++++ Information shown

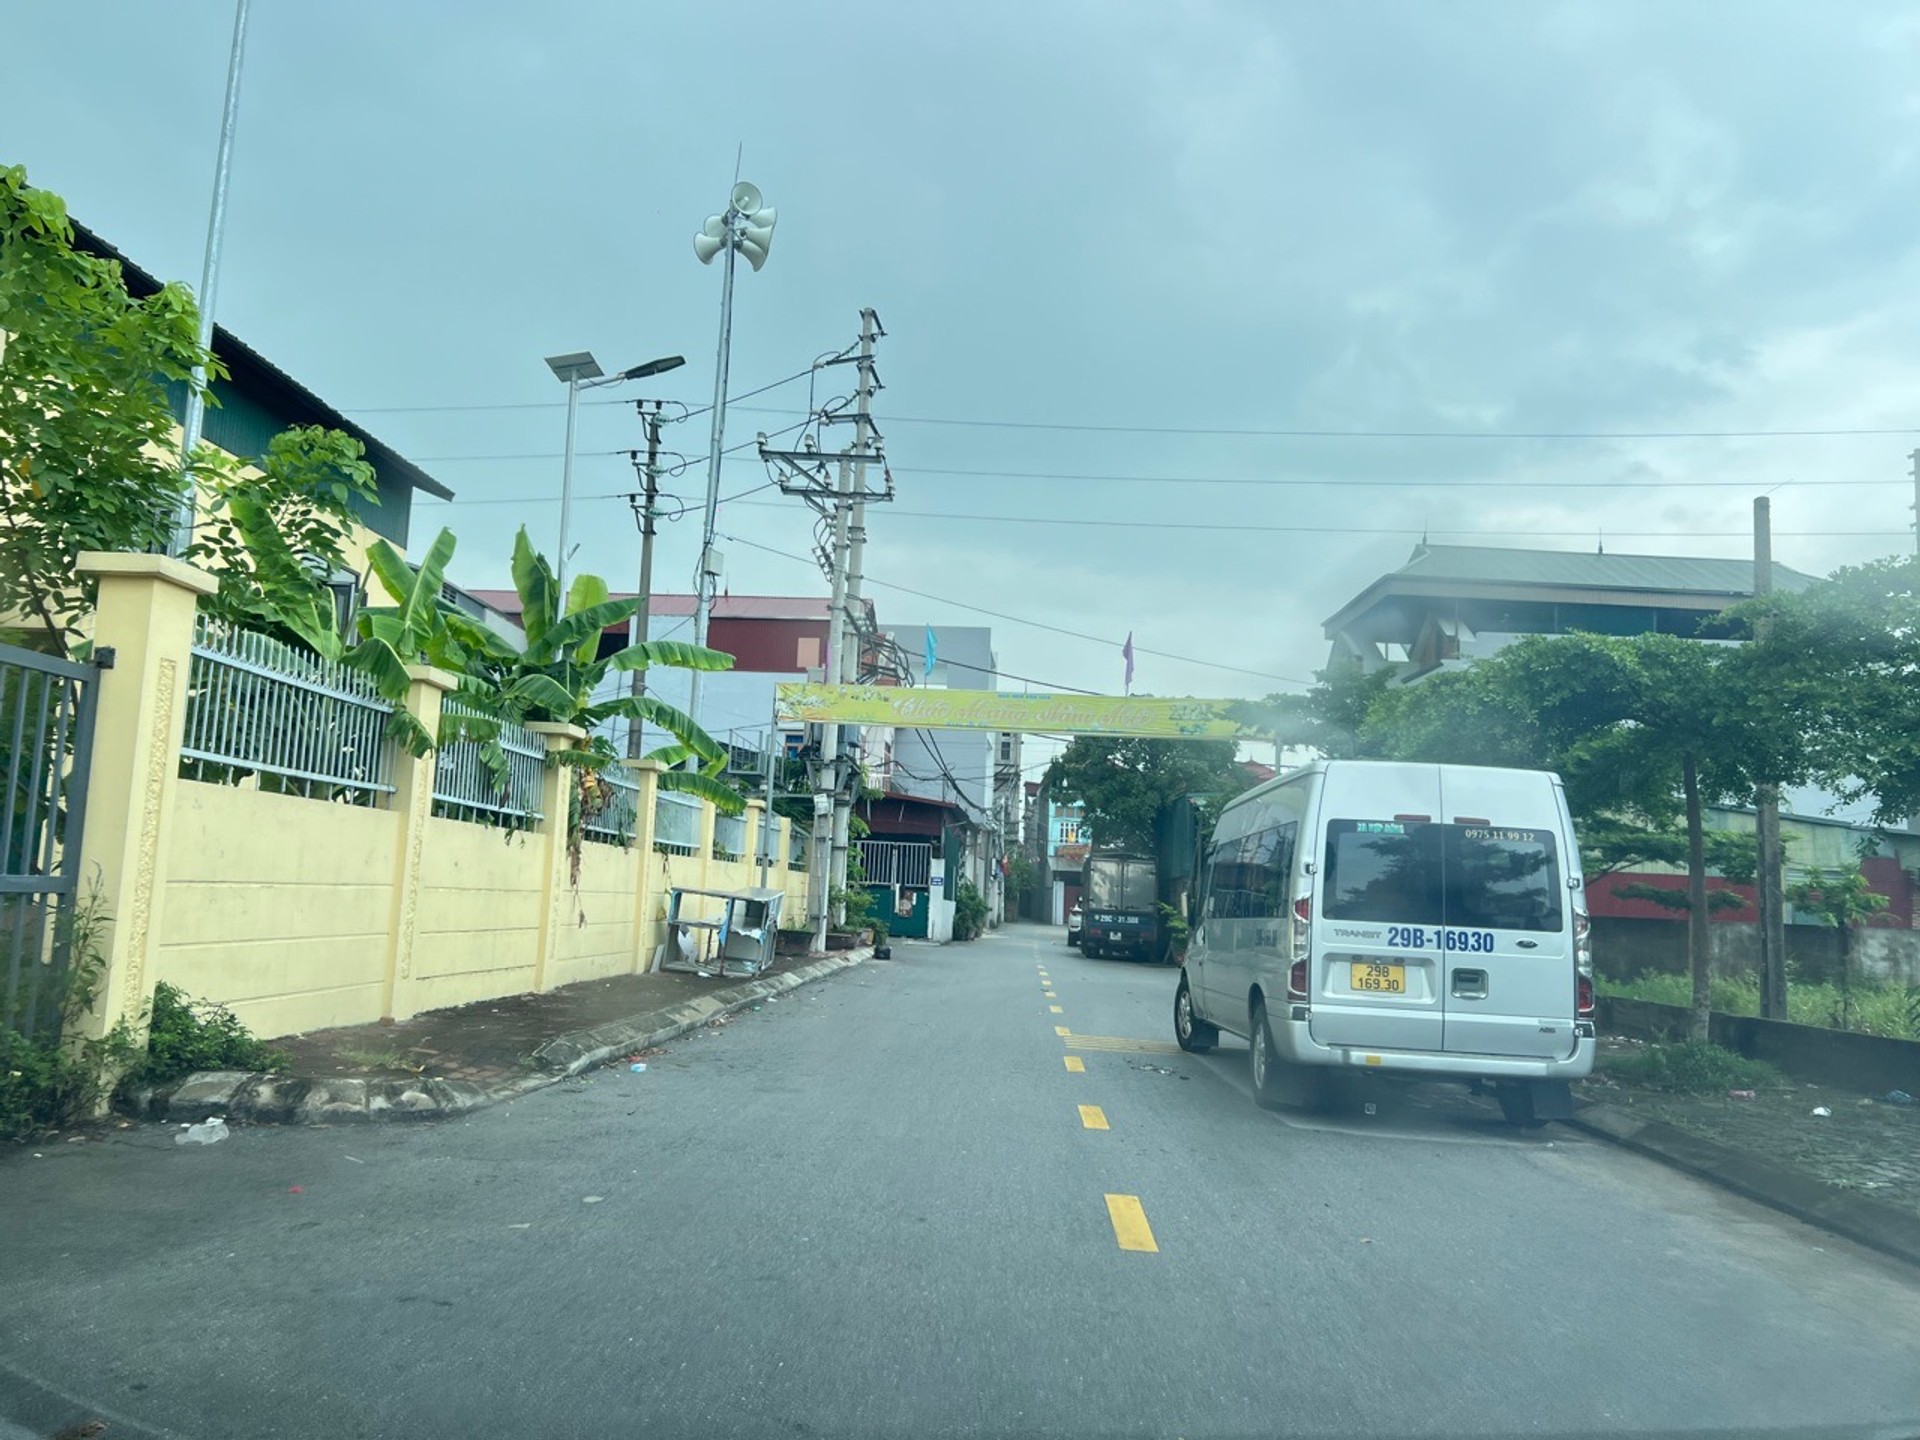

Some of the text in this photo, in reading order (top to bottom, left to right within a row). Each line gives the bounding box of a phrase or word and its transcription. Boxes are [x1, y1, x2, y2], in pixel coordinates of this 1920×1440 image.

[1465, 829, 1535, 842] 0975 11 99 12
[1334, 928, 1382, 939] TRANSIT
[1366, 965, 1390, 978] 29B
[1358, 977, 1399, 991] 169.30
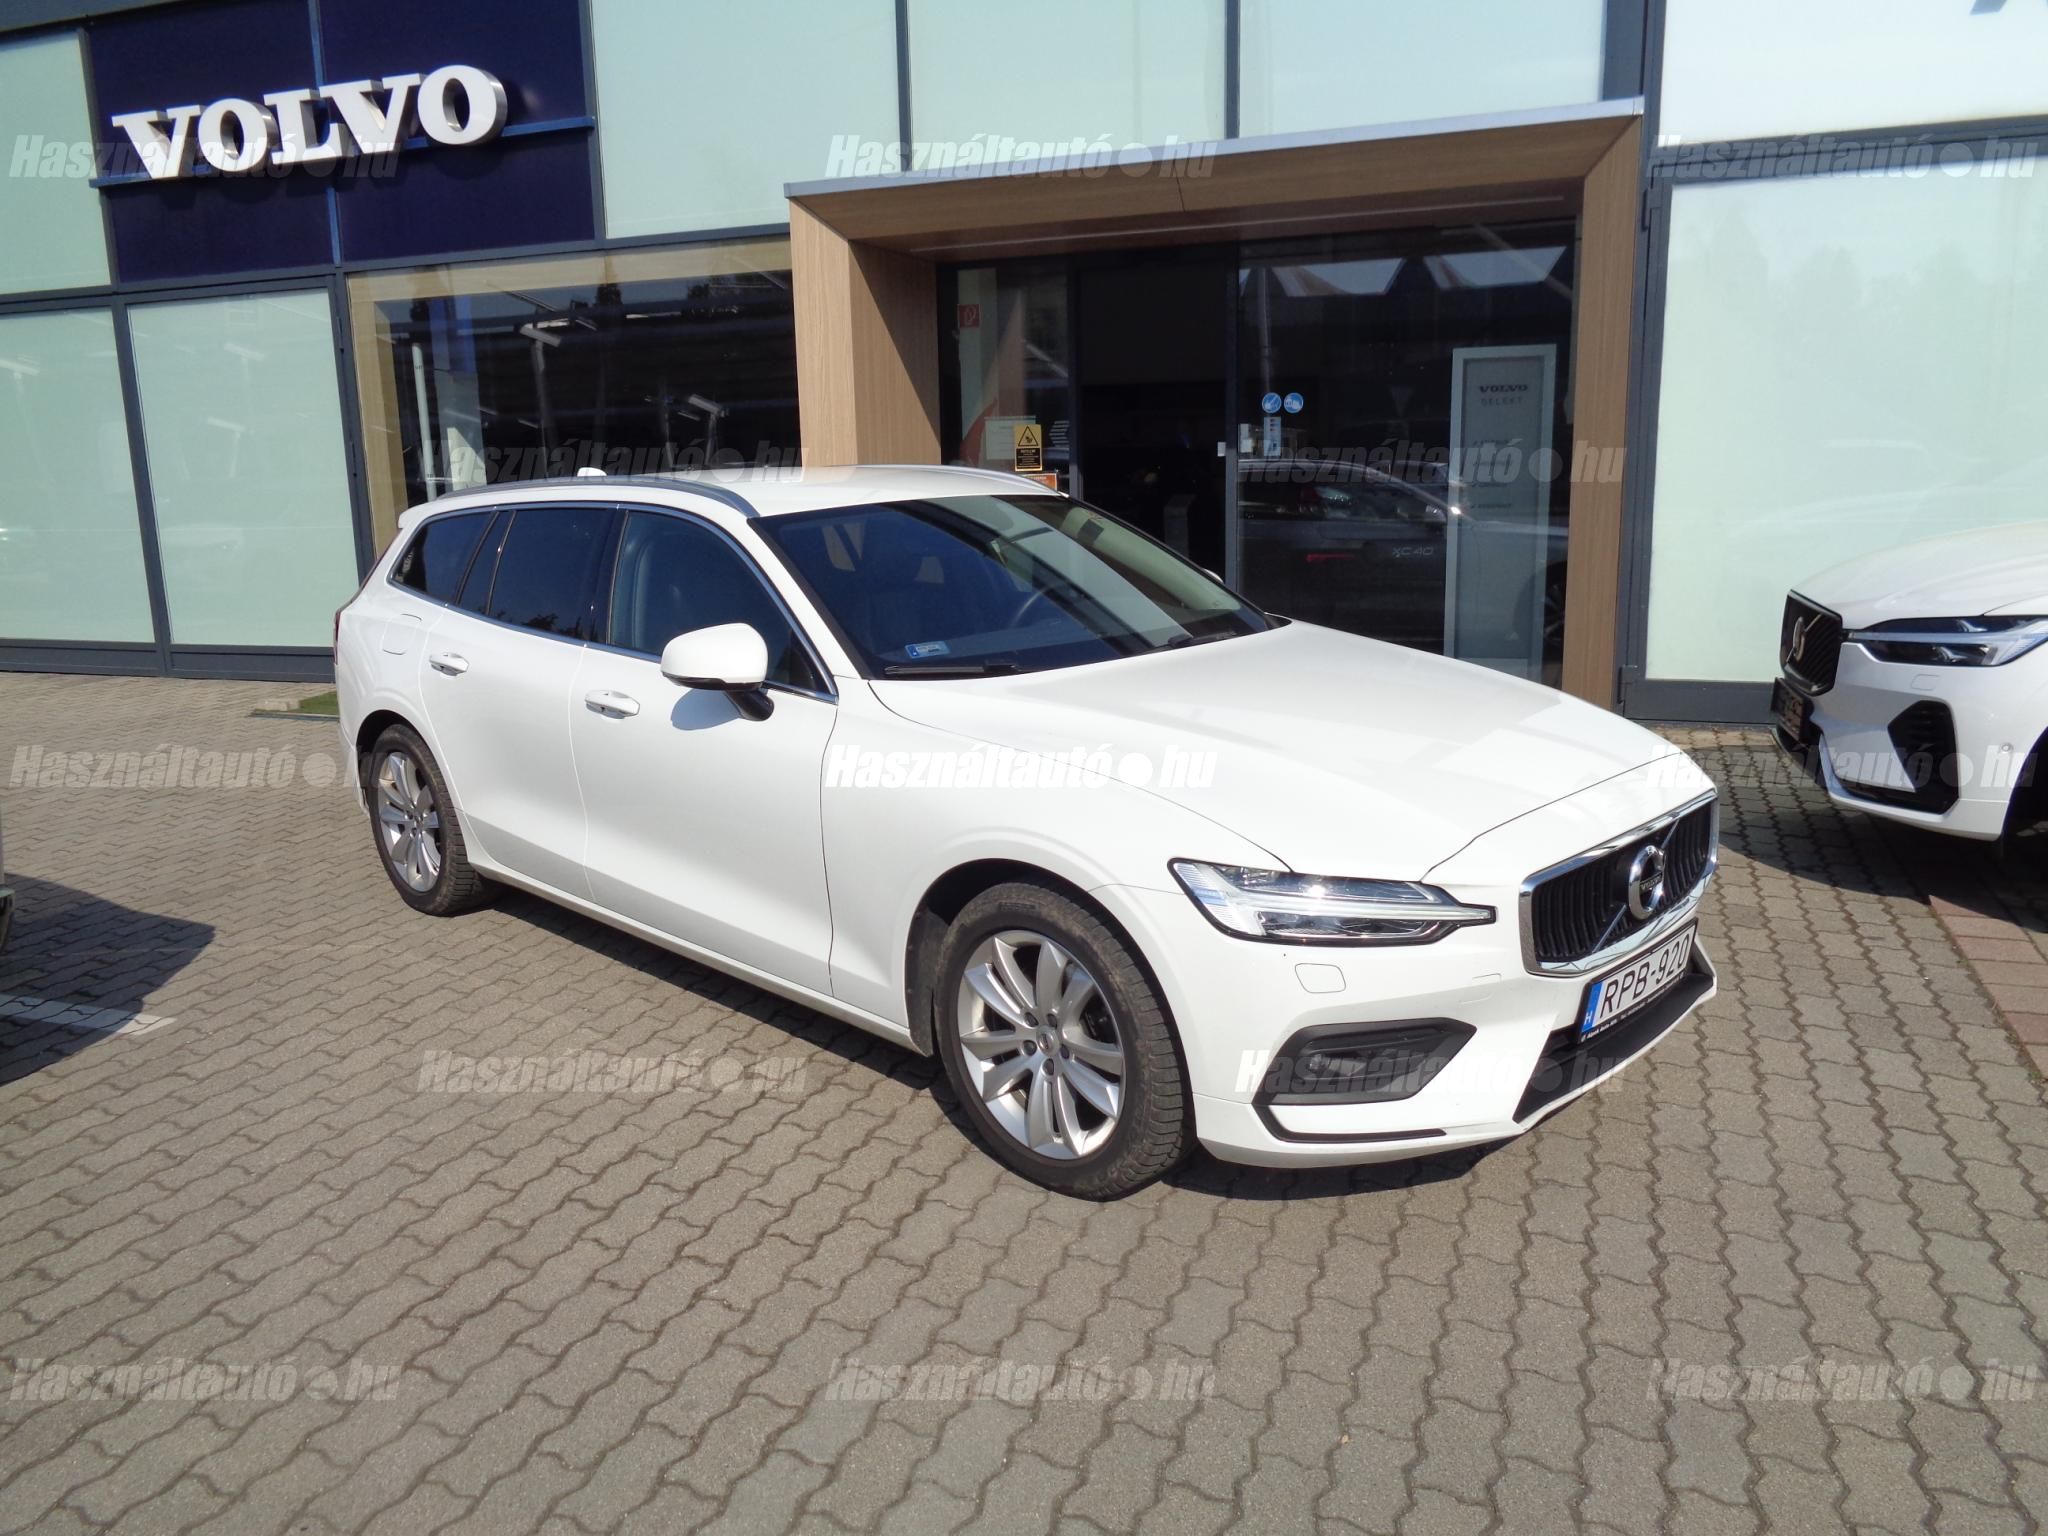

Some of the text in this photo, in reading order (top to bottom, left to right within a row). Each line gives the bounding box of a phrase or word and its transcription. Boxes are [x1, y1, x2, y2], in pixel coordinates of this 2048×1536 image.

[112, 65, 507, 179] VOLVO
[1479, 384, 1528, 393] VOLVO
[1584, 934, 1690, 1025] H RPB-920

++++++++

» What needs to be done: The answer is the line with "this 2048×1536 image." plus every line after it, printed exactly as they appear above.

» Exercise response:
Some of the text in this photo, in reading order (top to bottom, left to right within a row). Each line gives the bounding box of a phrase or word and its transcription. Boxes are [x1, y1, x2, y2], in pixel coordinates of this 2048×1536 image.

[112, 65, 507, 179] VOLVO
[1479, 384, 1528, 393] VOLVO
[1584, 934, 1690, 1025] H RPB-920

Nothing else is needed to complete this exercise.